» **TASK**
Go through the data line by line and count the lines that hold "Some". Reply with the total only.

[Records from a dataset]
━━━━━━

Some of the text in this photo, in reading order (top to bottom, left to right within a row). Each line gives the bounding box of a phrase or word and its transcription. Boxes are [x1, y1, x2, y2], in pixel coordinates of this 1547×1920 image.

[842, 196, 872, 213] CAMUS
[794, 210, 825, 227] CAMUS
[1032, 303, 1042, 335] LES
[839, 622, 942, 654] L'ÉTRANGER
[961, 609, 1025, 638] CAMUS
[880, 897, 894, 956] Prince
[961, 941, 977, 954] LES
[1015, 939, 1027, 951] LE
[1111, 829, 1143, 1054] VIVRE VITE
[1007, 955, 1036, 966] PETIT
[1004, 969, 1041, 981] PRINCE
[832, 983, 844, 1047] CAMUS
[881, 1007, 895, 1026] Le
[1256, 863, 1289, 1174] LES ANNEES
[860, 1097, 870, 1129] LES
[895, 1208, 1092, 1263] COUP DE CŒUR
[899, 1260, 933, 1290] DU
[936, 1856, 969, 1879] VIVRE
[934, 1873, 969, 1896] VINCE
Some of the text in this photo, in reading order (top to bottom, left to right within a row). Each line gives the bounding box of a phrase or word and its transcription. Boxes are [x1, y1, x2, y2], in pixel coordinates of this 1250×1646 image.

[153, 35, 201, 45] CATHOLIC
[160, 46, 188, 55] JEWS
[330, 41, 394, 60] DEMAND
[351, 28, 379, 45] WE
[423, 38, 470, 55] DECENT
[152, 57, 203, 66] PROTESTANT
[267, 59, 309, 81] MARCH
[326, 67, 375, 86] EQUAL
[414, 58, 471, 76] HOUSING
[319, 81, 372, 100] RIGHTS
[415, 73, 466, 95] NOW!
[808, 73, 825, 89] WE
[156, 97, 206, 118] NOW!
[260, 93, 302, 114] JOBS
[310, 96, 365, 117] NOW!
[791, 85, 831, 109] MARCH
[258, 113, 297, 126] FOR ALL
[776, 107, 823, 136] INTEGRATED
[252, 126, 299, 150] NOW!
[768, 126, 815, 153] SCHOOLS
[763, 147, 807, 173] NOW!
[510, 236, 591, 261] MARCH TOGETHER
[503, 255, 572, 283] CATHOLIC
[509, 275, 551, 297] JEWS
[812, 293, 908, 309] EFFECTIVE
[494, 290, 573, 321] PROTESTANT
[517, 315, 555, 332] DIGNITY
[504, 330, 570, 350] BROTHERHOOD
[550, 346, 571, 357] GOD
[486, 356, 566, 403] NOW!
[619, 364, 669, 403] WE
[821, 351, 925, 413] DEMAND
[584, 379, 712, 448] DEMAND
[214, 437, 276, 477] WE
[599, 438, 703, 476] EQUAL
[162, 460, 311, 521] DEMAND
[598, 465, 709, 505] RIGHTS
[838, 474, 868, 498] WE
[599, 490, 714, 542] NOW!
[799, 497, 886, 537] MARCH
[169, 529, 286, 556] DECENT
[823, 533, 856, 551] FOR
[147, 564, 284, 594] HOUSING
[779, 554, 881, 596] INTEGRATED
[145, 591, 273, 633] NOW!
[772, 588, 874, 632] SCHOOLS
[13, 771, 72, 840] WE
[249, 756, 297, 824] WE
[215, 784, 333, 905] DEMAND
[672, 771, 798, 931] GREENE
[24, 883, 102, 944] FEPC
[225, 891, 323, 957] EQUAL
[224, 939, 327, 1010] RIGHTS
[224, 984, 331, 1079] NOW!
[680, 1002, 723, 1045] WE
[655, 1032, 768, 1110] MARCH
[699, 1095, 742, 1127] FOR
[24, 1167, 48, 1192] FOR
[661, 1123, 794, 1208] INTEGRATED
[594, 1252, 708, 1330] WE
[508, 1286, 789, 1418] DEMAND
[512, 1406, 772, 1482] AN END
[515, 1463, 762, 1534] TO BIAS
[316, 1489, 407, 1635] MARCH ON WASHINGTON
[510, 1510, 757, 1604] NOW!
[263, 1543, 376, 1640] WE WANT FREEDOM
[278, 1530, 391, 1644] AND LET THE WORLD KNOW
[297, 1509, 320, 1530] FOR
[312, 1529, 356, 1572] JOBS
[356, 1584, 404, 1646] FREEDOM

━━━━━━

» **ANSWER BELOW**
2